## [STORED DATA]
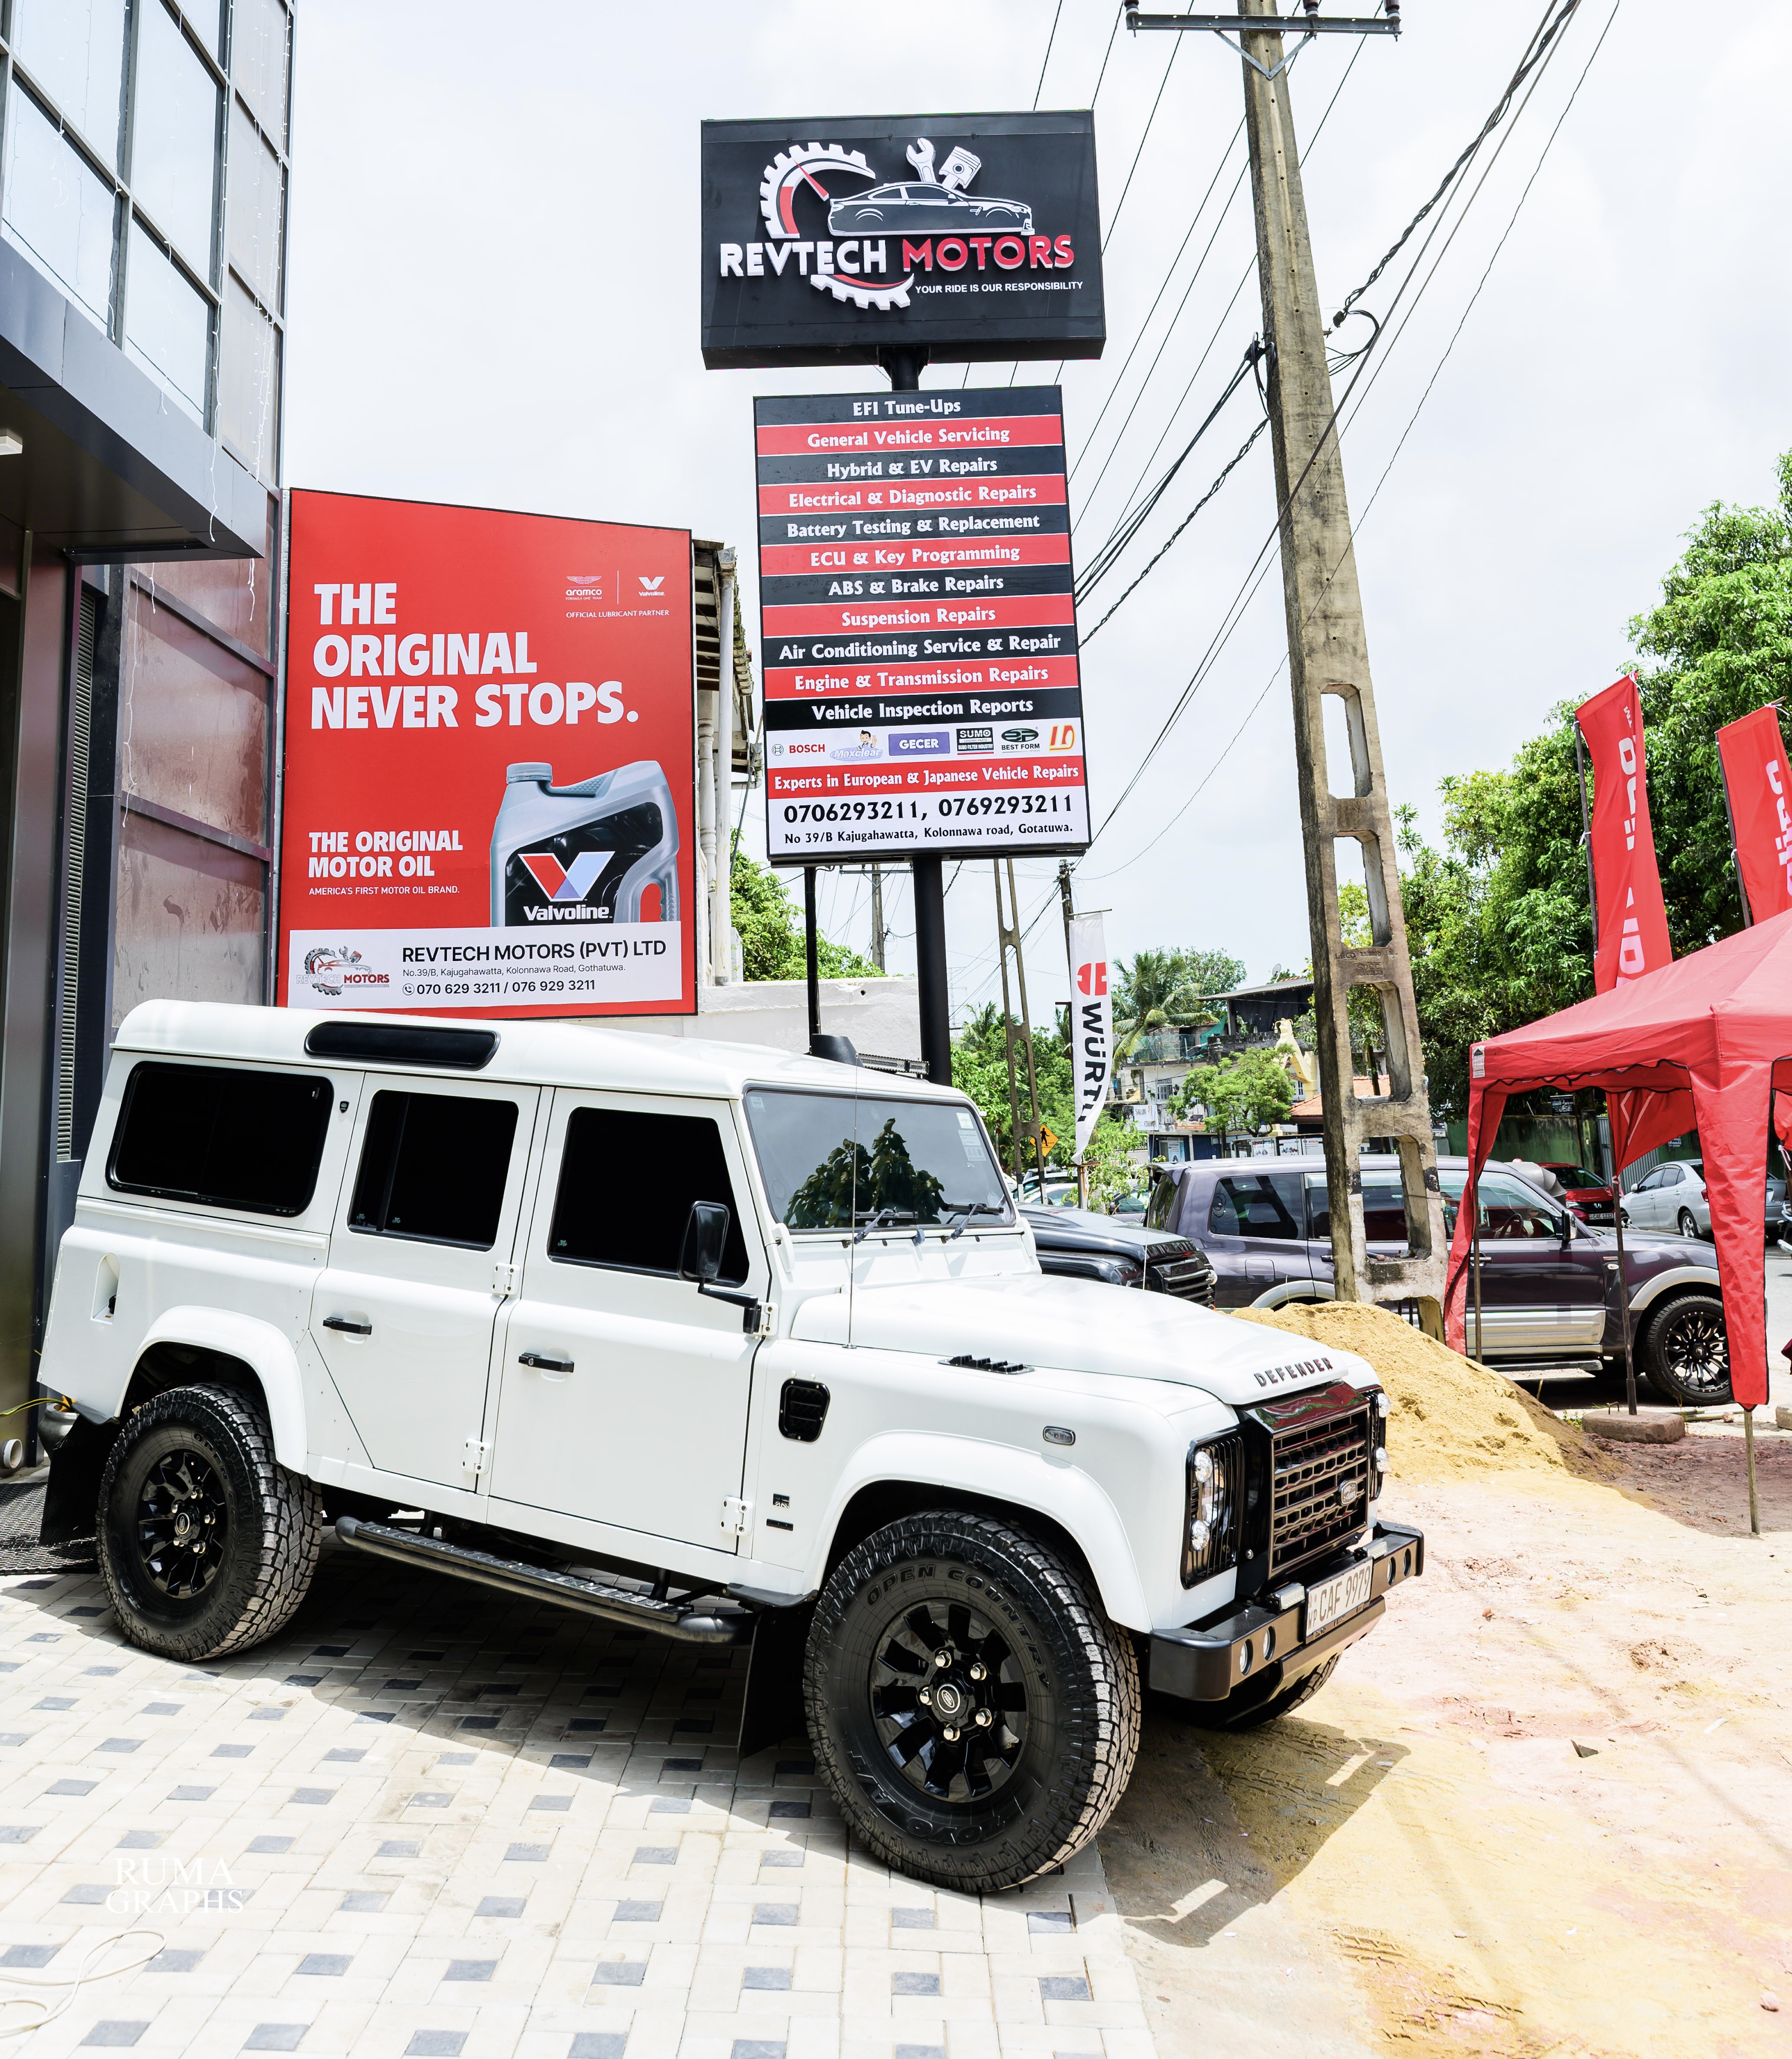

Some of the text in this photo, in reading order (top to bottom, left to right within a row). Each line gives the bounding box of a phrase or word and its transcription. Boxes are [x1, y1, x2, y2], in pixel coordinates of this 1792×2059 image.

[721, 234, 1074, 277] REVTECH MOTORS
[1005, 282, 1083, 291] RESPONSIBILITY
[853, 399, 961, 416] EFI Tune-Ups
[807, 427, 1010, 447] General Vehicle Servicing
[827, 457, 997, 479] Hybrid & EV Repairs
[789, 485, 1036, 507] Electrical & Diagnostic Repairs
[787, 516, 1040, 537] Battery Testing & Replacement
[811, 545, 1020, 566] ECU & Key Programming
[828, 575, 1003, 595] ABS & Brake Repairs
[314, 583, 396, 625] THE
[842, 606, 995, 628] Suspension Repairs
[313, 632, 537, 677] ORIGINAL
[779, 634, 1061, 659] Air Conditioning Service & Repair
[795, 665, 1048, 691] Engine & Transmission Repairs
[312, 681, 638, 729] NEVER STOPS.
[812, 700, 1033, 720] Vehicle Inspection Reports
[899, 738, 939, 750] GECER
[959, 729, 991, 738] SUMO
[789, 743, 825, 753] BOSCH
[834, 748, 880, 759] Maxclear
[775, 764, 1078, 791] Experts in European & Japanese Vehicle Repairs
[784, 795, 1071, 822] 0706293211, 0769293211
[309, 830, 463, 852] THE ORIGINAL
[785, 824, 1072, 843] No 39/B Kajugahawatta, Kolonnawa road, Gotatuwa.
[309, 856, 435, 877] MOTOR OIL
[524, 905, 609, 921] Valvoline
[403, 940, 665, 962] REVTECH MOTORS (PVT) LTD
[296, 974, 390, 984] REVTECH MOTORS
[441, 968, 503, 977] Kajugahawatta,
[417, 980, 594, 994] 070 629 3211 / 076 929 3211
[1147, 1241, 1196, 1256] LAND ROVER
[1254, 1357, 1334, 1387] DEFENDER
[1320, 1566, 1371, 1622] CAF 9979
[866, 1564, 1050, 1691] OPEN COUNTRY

## [WHAT THE TASK REQUIRES]
Among the records, find every line with the word "MOTORS" and copy it.

## [ANSWER SECTION]
[721, 234, 1074, 277] REVTECH MOTORS
[403, 940, 665, 962] REVTECH MOTORS (PVT) LTD
[296, 974, 390, 984] REVTECH MOTORS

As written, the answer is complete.